Allowance for loan losses: To arrive at the total dollars necessary to maintain
an allowance level sufficient to absorb probable losses incurred at a specific
financial statement date, management has developed procedures to establish and
then evaluate the allowance once determined. The allowance consists of the
following components: specific allocation, general allocation and other
estimated general allocation.

To arrive at the amount required for the specific allocation component, the
Company evaluates loans for which a loss may be incurred either in part or
whole. To achieve this task, the Company has created a quarterly report
("Watchlist") which lists the loans from each loan portfolio that management
deems to be potential credit risks. The criteria to be placed on this report
are: past due 60 or more days, nonaccrual and loans management has determined to
be potential problem loans. These loans are reviewed and analyzed for potential
loss by the Large Loan Review Committee, which consists of the President of the
Company and members of senior management with lending authority. The function of
the Committee is to review and analyze large borrowers for credit risk,
scrutinize the Watchlist and evaluate the adequacy of the allowance for loan
losses and other credit related issues. The Committee has established a grading
system to evaluate the credit risk of each commercial borrower on a scale of 1
(least risk) to 10 (greatest risk). After the Committee evaluates each
relationship listed in the report, a specific loss allocation may be assessed.
The specific allocation is currently made up of amounts allocated to the
commercial and real estate loan portfolios.
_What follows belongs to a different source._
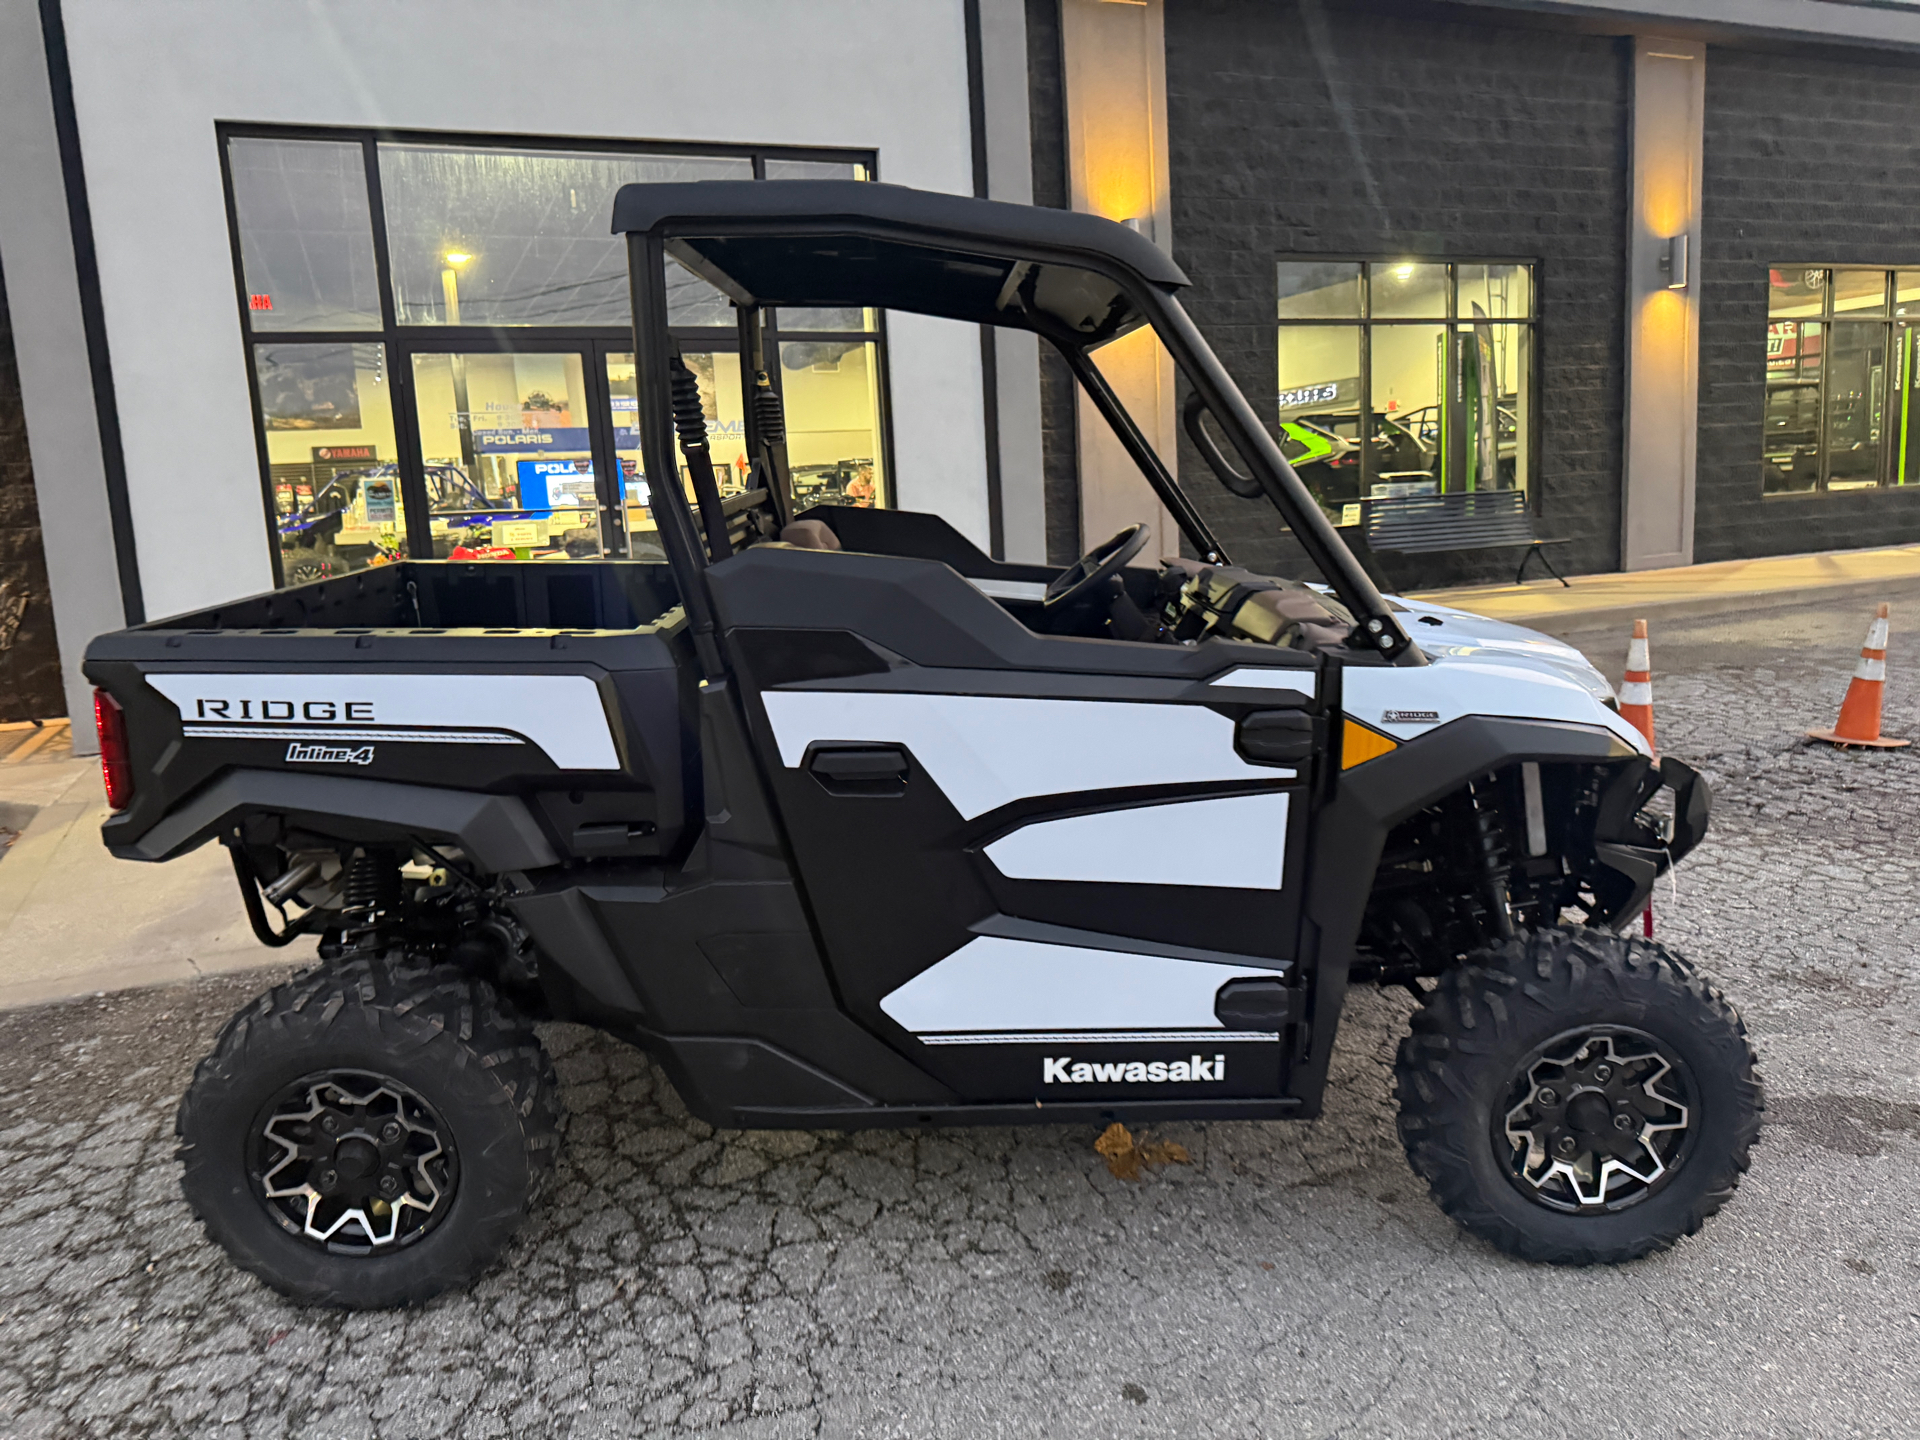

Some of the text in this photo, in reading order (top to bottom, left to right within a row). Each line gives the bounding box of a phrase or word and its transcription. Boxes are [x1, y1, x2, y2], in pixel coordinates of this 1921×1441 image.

Included in the specific allocation analysis are impaired loans, which consist
of loans with balances of $200 or more on nonaccrual status or non-performing in
nature. These loans are also individually analyzed and a specific allocation may
be assessed based on expected credit loss. Collateral dependent loans will be
evaluated to determine a fair value of the collateral securing the loan. Any
changes in the impaired allocation will be reflected in the total specific
allocation.

The second component (general allowance) is based upon total loan portfolio
balances minus loan balances already reviewed (specific allocation). The Large
Loan Review Committee evaluates credit analysis reports that provide management
with a "snapshot" of information on borrowers with larger-balance

24
loans  (aggregate  balances  of  $1,000  or  greater),  including  loan  grades,
collateral values, and other factors. A list is prepared and updated quarterly
that allows management to monitor this group of borrowers. Therefore, only small
balance commercial loans and homogeneous loans (consumer and real estate loans)
are not specifically reviewed to determine minor delinquencies, current
collateral values and present credit risk. The Company utilizes actual historic
loss experience as a factor to calculate the probable losses for this component
of the allowance for loan losses. This risk factor reflects a three-year
performance evaluation of credit losses per loan portfolio. The risk factor is
achieved by taking the average net charge-off per loan portfolio for the last 36
consecutive months and dividing it by the average loan balance for each loan
portfolio over the same time period. The Company believes that by using the 36
month average loss risk factor, the estimated allowance will more accurately
reflect current probable losses.

The final component used to evaluate the adequacy of the allowance includes five
additional areas that management believes can have an impact on collecting all
principal due. These areas are: 1) delinquency trends, 2) current local economic
conditions, 3) non-performing loan trends, 4) recovery vs. charge-off, and 5)
personnel changes. Each of these areas is given a percentage factor, from a low
of 10% to a high of 30%, determined by the degree of impact it may have on the
allowance. To calculate the impact of other economic conditions on the
allowance, the total general allowance is multiplied by this factor. These
dollars are then added to the other two components to provide for economic
conditions in the Company's assessment area. The Company's assessment area takes
in a total of ten counties in Ohio and West Virginia. Each assessment area has
its individual economic conditions; however, the Company has chosen to average
the risk factors for compiling the economic risk factor.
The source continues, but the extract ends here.